Red won by 15 runs for their third Challenger Trophy title.

Put into bat, Red started well but suffered a middle-order collapse. Pandey’s 56-ball 31 ensured that they reached 183 before being dismissed in 49.2 overs. Then she used the cross-seam deliveries to account for Punam Raut, Minnu Mani, Priya Punia, Mansi Joshi and Bharati Fulmali to disallow Red from running away with the game. Even though Manali Dakshini tried her best with 31 in 41 balls, Blue were dismissed for 168 in 47.2 overs.

Raut, Blue’s captain, was the first to fall in the chase when she expected an incoming delivery from Pandey but the ball kept straight to take the edge. R Kalpana, the most impressive wicketkeeper in the tournament, dived full length to her right to take a single-handed catch just inches above the ground. Coming from round the wicket Pandey trapped Mani, the left-handed batter, in front of the wicket, and Punia lost her cool after a spree of dot balls to hit one straight to Tarannum Pathan at mid-off.
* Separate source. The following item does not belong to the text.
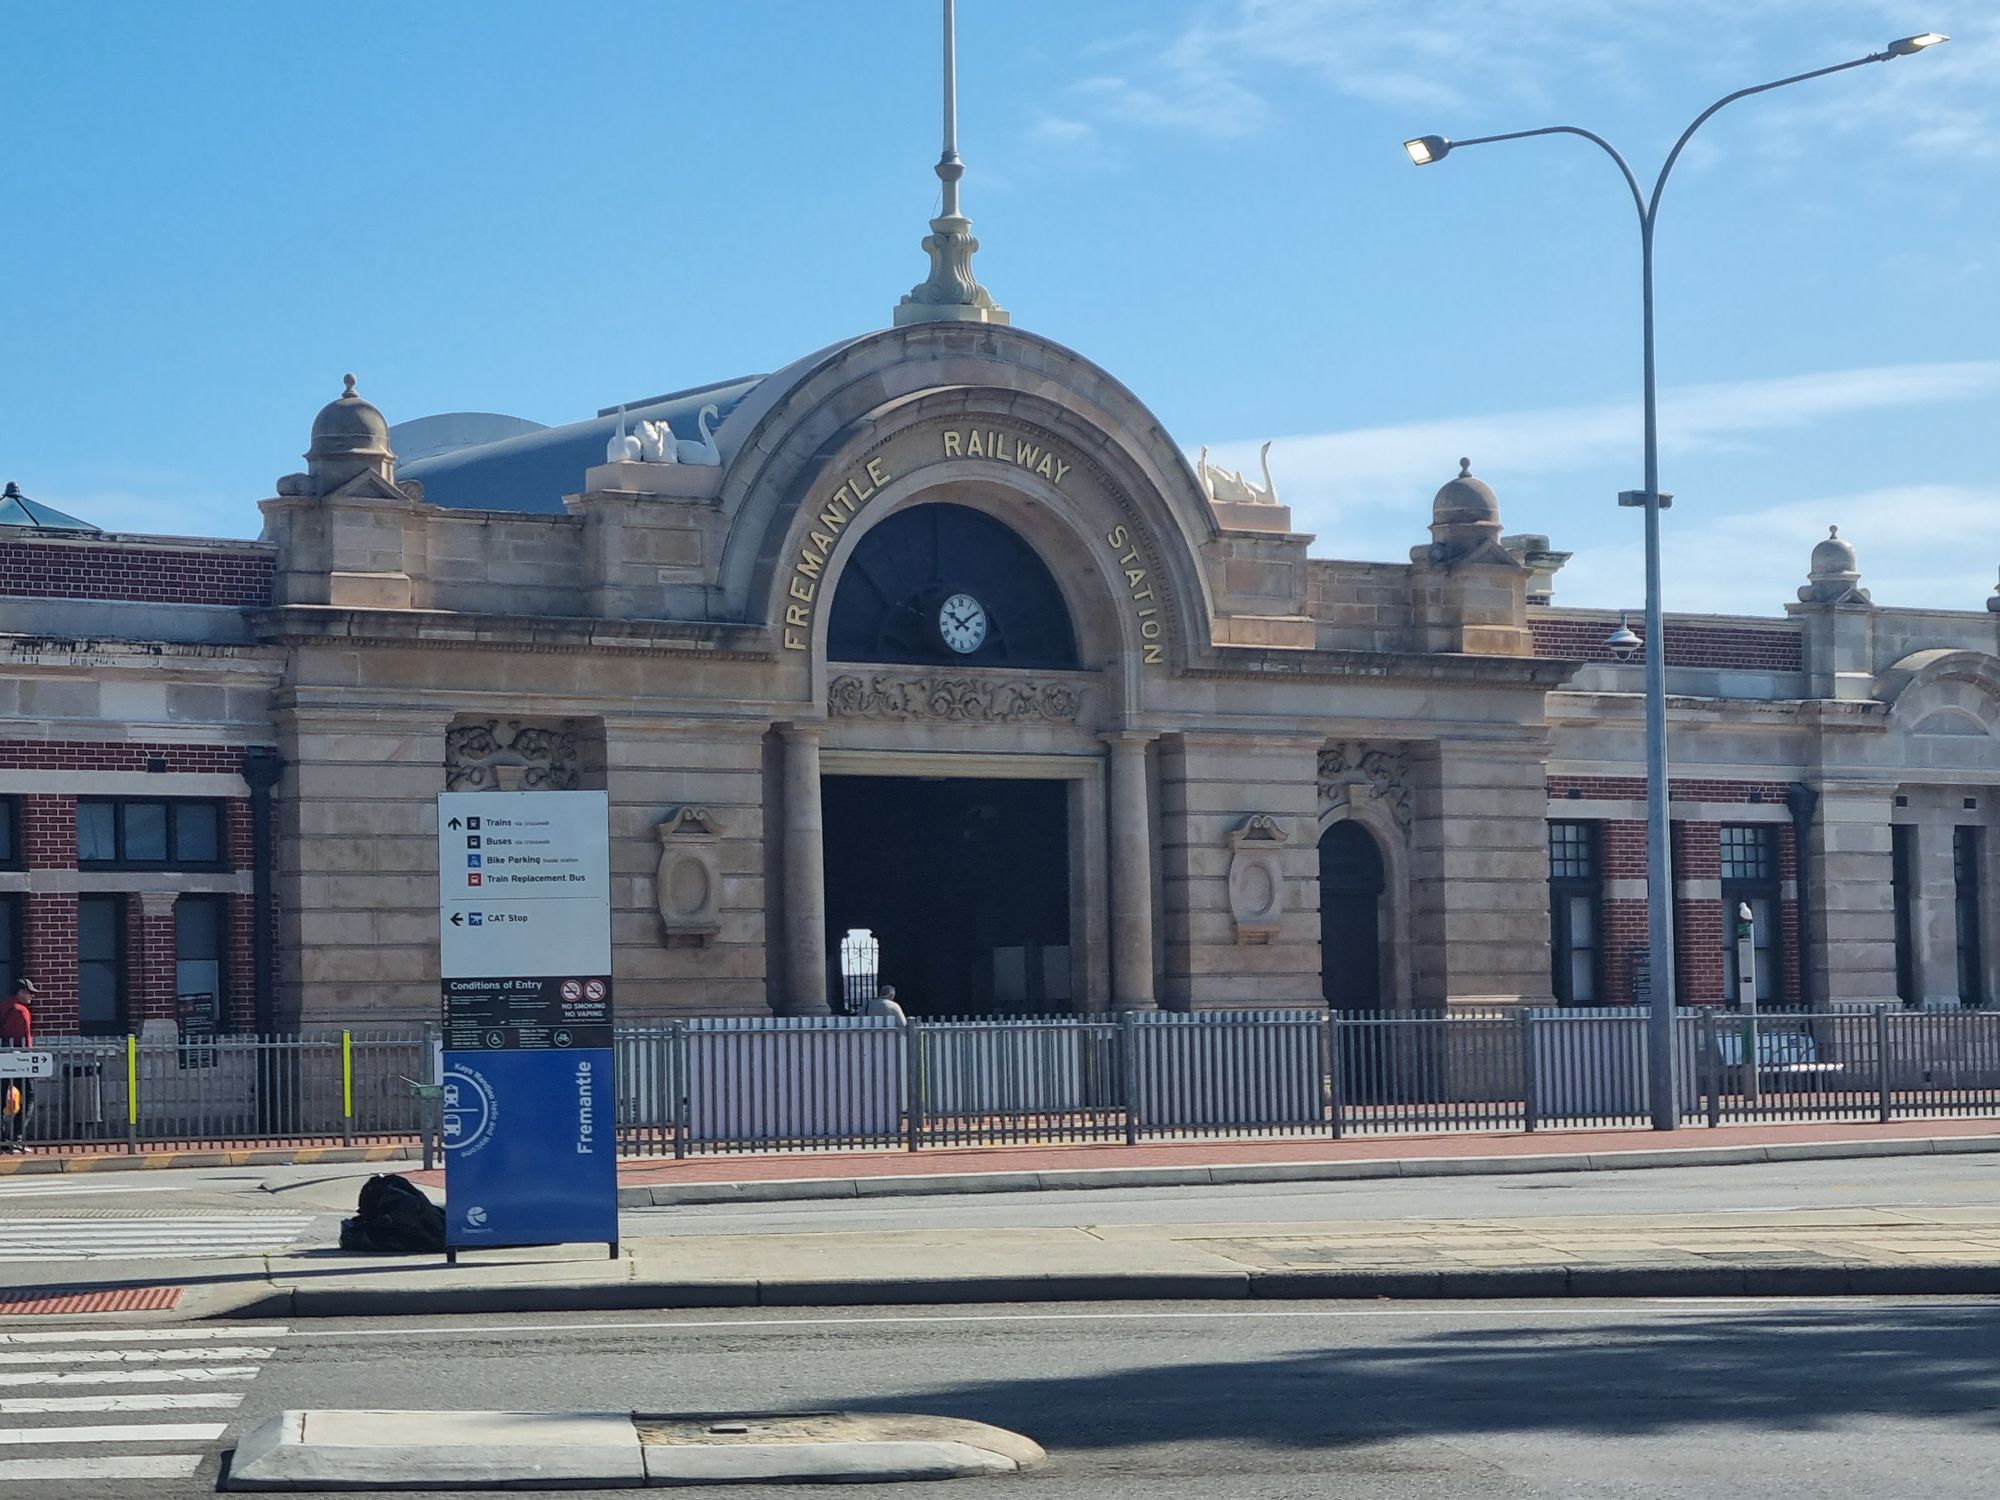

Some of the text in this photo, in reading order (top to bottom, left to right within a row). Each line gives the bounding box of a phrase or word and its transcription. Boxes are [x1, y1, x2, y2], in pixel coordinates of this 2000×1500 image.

Pandey got good support from Komal Zanzad and Radha Yadav as was the case in the last league game against India Green. Radha had Tanusree Sarkar caught behind. Zanzad deceived Sushma Verma with change of pace to have her caught at cover point.
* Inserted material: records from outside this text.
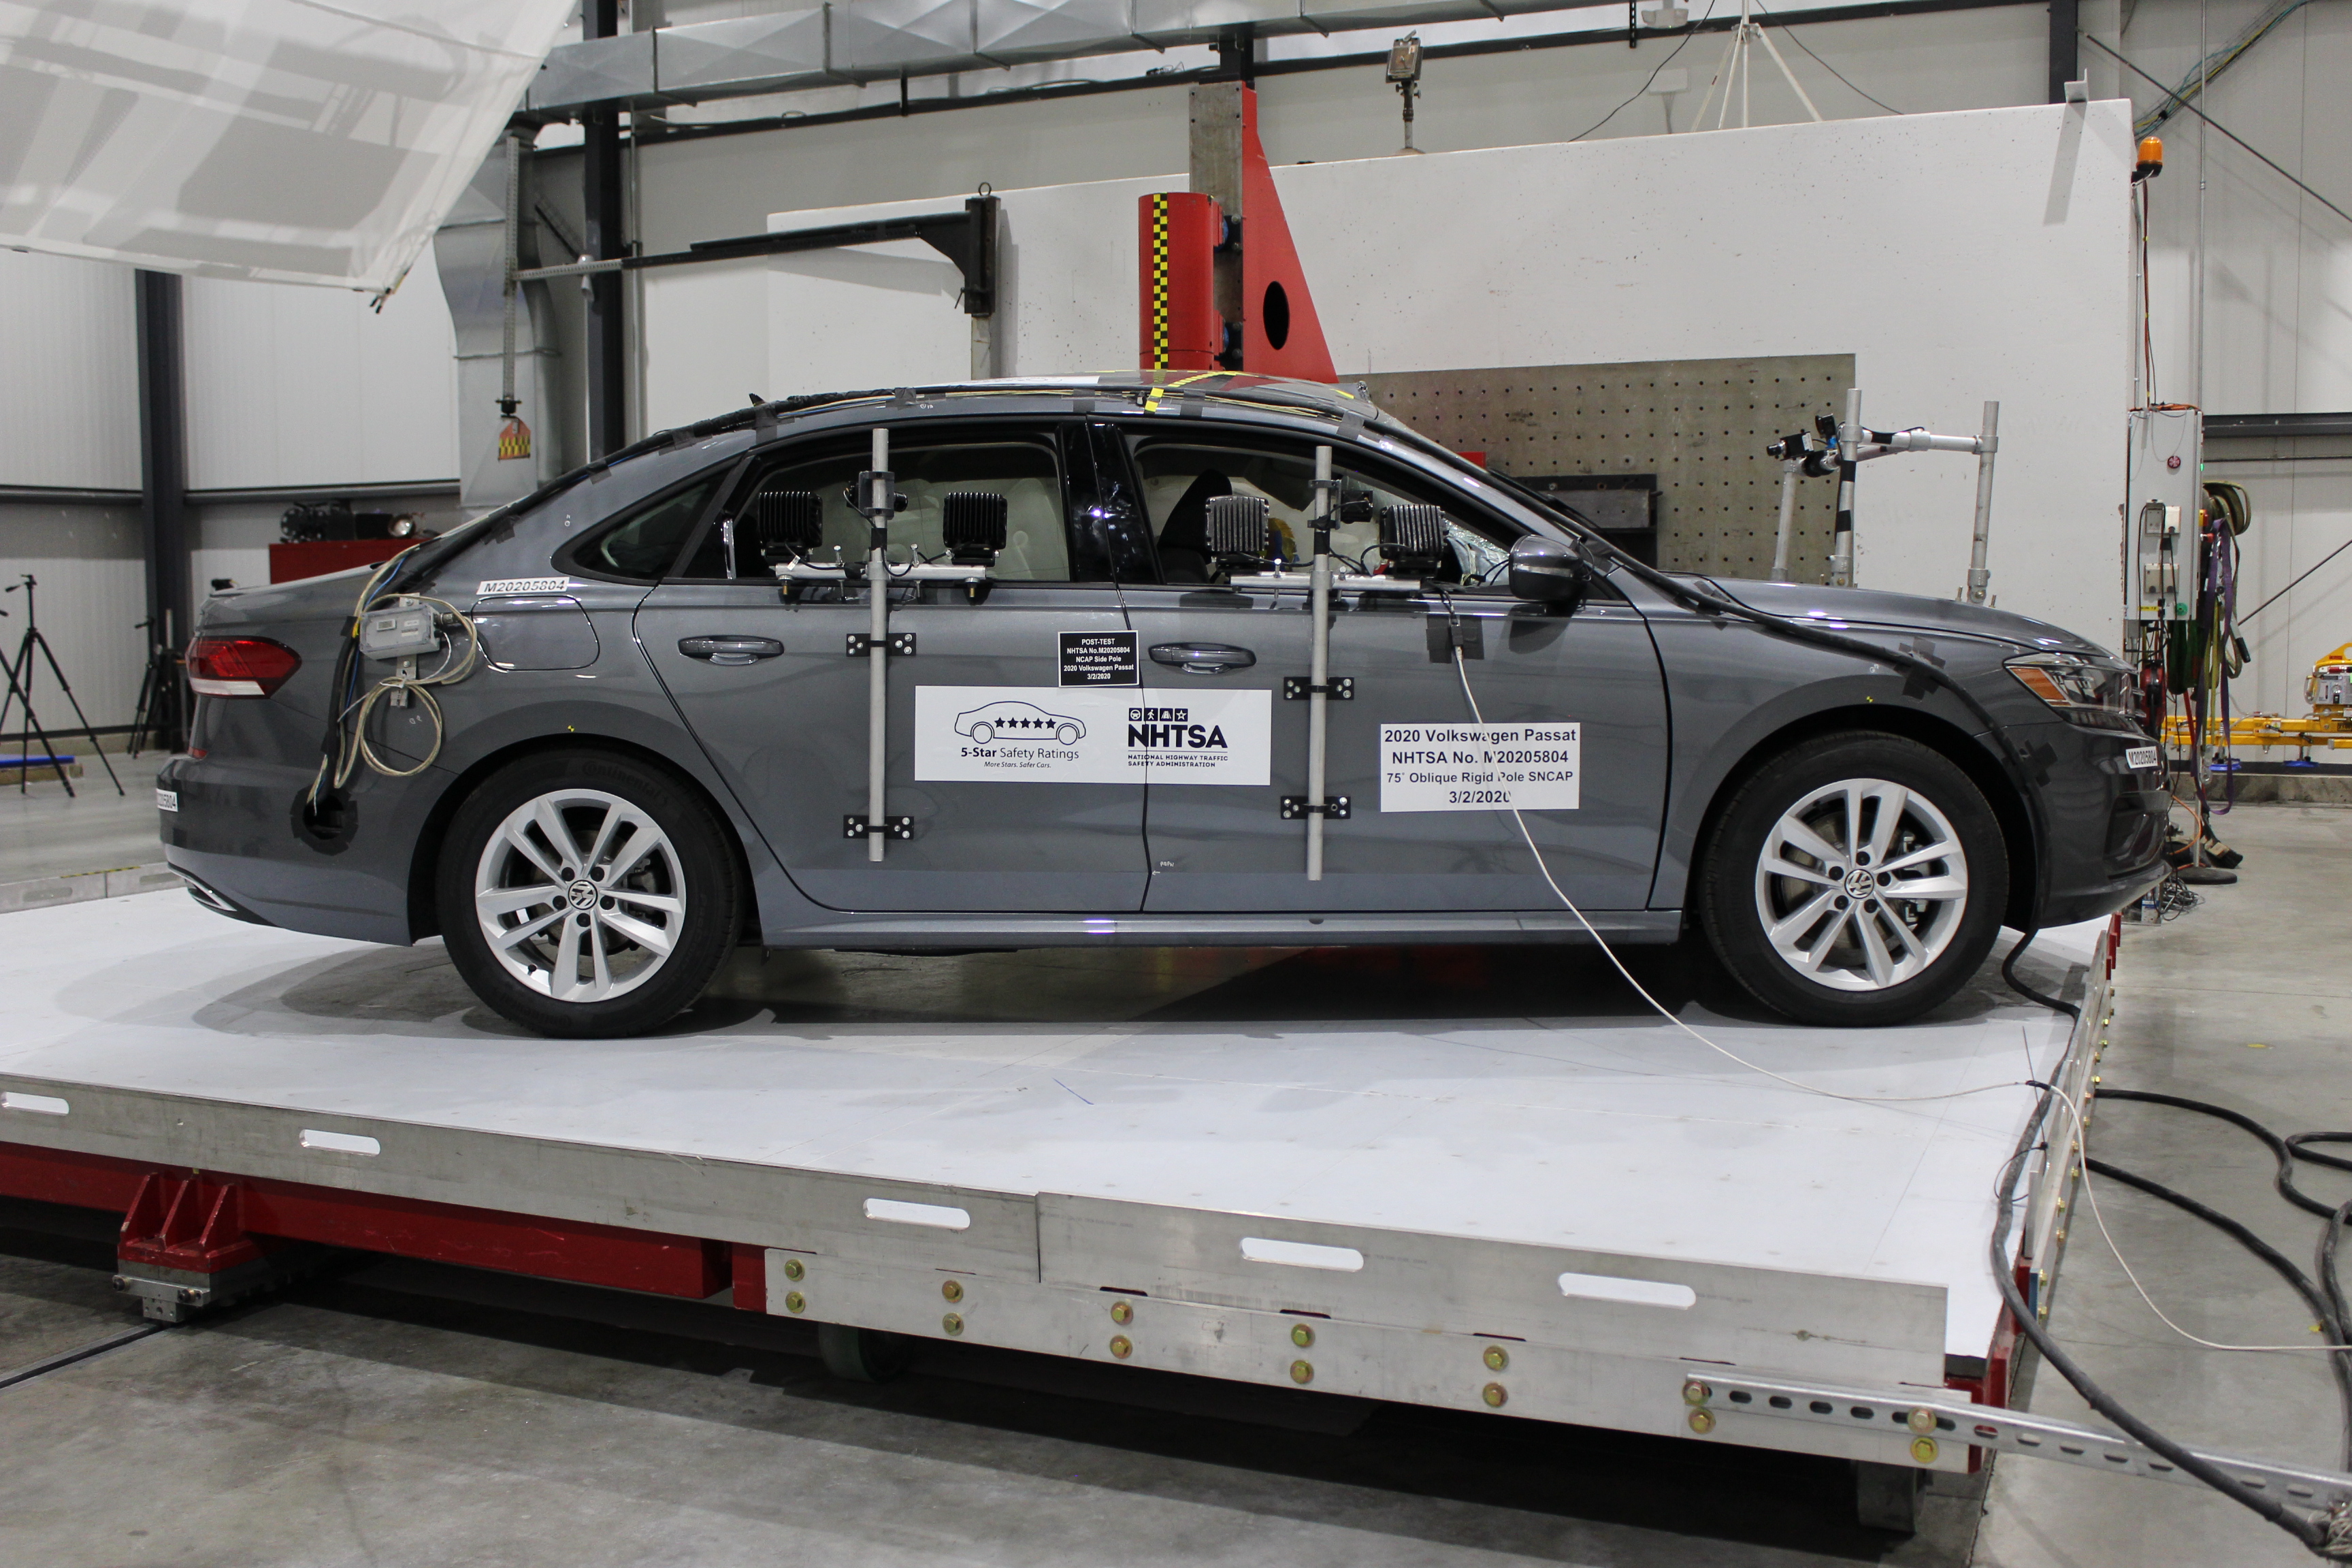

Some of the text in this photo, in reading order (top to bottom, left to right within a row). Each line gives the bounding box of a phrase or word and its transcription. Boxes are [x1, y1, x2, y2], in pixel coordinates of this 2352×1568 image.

[484, 580, 566, 593] M20205804
[1079, 664, 1113, 672] Volkswagen
[1128, 723, 1228, 749] NHTSA
[1384, 728, 1577, 745] 2020 Volkswagen Passat
[960, 747, 1079, 762] 5-Star Safety Ratings
[1392, 750, 1569, 764] NHTSA No. M20205804
[1409, 772, 1458, 785] Oblique
[1461, 771, 1494, 785] Rigid
[1498, 771, 1524, 782] Pole
[1528, 771, 1573, 781] SNCAP
[1448, 790, 1512, 804] 3/2/2020
At 95 for 5, Blue were in a spot of bother before Fulmali got good support from Joshi to stitch a 21-run stand before Pandey brought herself back. It resulted in Joshi being caught behind after offering no footwork to a delivery outside the offstump.

Fulmali and Dakshini, among the two finds of the tournament, looked to take the game away from Red with a 39-run stand, but once again it was Pandey to change the direction. She got Fulmali (69) to cut one straight to Harleen Deol at point. Blue lost their last four wickets for 13 runs.

Earlier in the day after a ten-minute delayed start, Red showed good intent by looking for boundaries in the early part of their innings when the ball was hard. They hit 11 fours in the first Power Play. The most crucial bit was the fourth-wicket stand of 84 between Deol and Veda Krishnamurthy.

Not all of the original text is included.